The third thing I dislike about that belief is that it is just plain ignorant.  There are absolutely scads of things that “the government” (that is, the people acting collectively) can accomplish better with “my” money than I can.  Here are five:

  • Mail delivery.  For all its faults, the United States Postal Service does a marvelous job of delivering letters and packages with good speed.  I cannot deliver all my mail by myself — who has the time? — and private industry would exclude many small, out-of-the-way places, or charge exorbitant fees for mail delivery to or from Fairbanks.
  • Public transportation.  Helping people get from home to job to shopping to recreation and back home is a fantastic investment in economic development.  If I had to get everywhere on my own, I would spend extra hours each day between work and home, or spend extra hours’ worth of my labor to afford the private automobile to take me back and forth in a timely fashion.  Private enterprise would try to make ridership as expensive as possible, thus shutting out the young and the poor.  Of course, even a private auto is worthless without…
  • Transportation infrastructure.  The buses I enjoy — or, in other cities, the trains, trams, and other means — would go a lot slower over trees, rocks, and mud, as would our private automobiles.  Do you think that private industry would do so well at laying down and regulating streets, roads, and tracks?  Do you think I could do it on my own?
  • Safety regulation.  One relationship that I think is naturally more adversarial than that of citizen and government is that of employee and employer.  Businesses showed for too long (and they continue to do it!) that they would imperil employees to no end while it resulted in corporate profits, absent the regulation by and sanctions from government.
  • Disease tracking.  I shudder to think what levels of disease (or other public health hazards) might ravage our communities without the information gathered and processed by the CDC.

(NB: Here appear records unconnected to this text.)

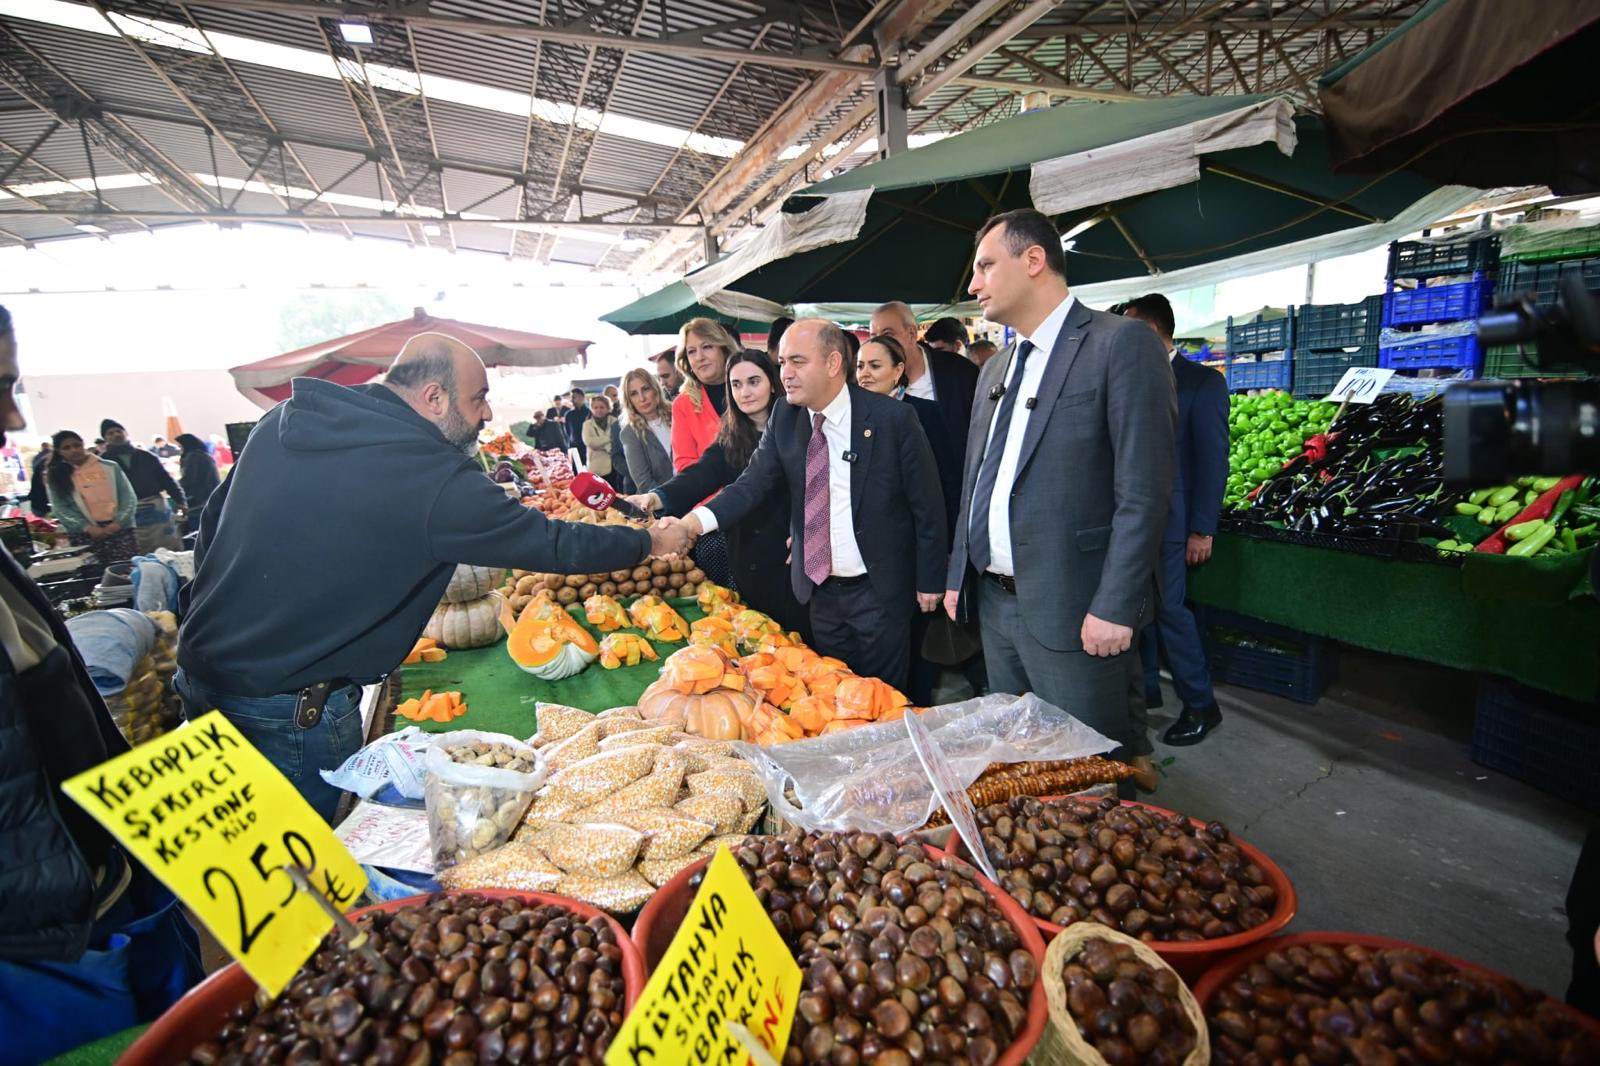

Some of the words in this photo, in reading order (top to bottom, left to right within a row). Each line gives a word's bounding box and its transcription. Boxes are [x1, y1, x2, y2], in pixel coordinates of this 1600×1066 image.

[87, 722, 239, 810] KEBAPLIK
[124, 755, 236, 839] ŞEKERCİ
[154, 783, 255, 864] KESTANE
[203, 831, 316, 954] 250
[628, 893, 728, 1066] KÜTAHYA
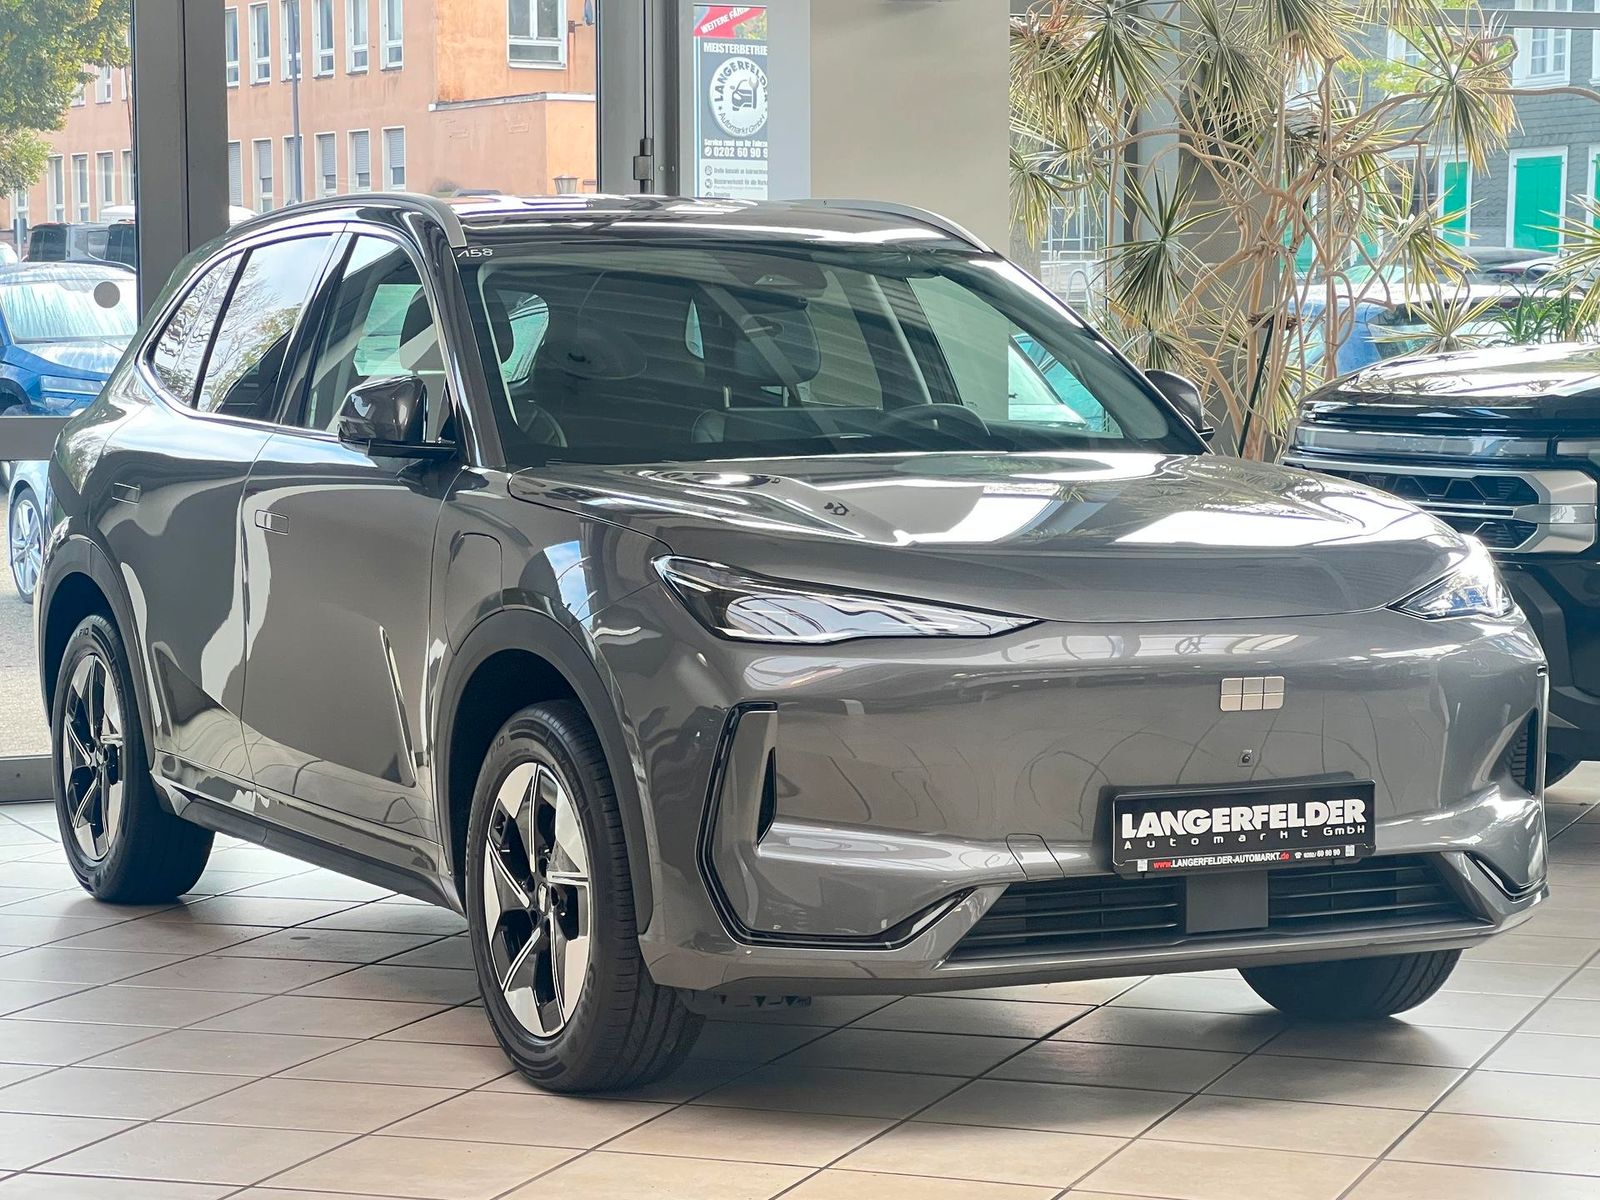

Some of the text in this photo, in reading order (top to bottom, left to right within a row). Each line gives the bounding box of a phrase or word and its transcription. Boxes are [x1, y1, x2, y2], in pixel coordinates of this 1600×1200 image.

[700, 14, 730, 33] WEITERE
[718, 112, 767, 135] Automarkt GmbH
[713, 147, 735, 157] 0202
[737, 147, 748, 158] 60
[750, 147, 761, 158] 90
[1121, 798, 1367, 839] LANGERFELDER
[1322, 825, 1366, 837] GmbH
[1153, 852, 1290, 869] www.LANGERFELDER-AUTOMARKT.de
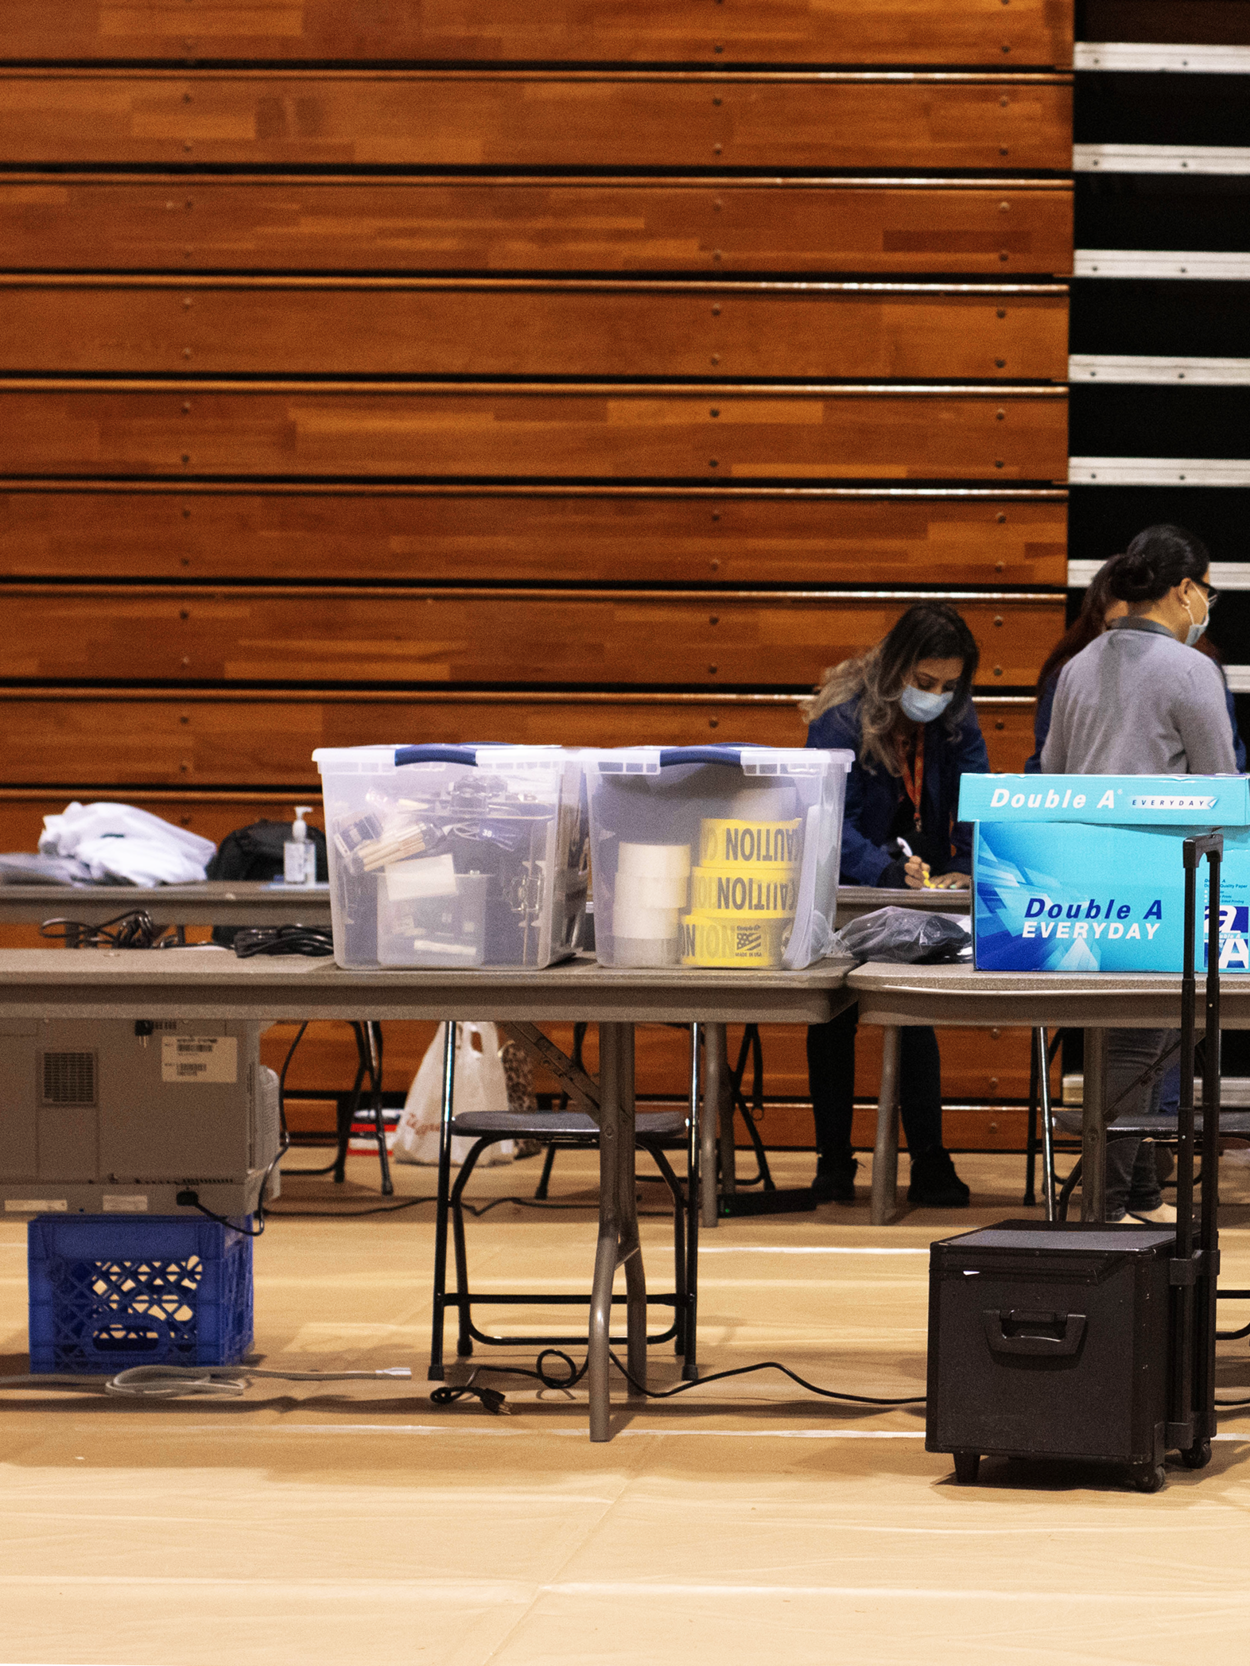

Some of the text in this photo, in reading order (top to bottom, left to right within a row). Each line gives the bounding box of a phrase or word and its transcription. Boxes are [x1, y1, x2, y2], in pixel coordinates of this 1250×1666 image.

The above have three things in common: (1) I couldn’t do them on my own.  (2) Private industry could not be relied on to do them.  (3) Were there non-profits in charge of providing the same, high-quality services, and were they reliant on voluntary donations, they would flounder.  Fall flat.  Perish.  People are too short-sighted to give voluntarily and sufficiently to all the agencies that would do them and their societies good.

Can you think of ways that “government” can spend “your” money better than you can?  Go on — just name five.  Let them be large or small.  Have fun with this!  If you approach government with an attentive mind and a grateful heart, it shouldn’t be hard.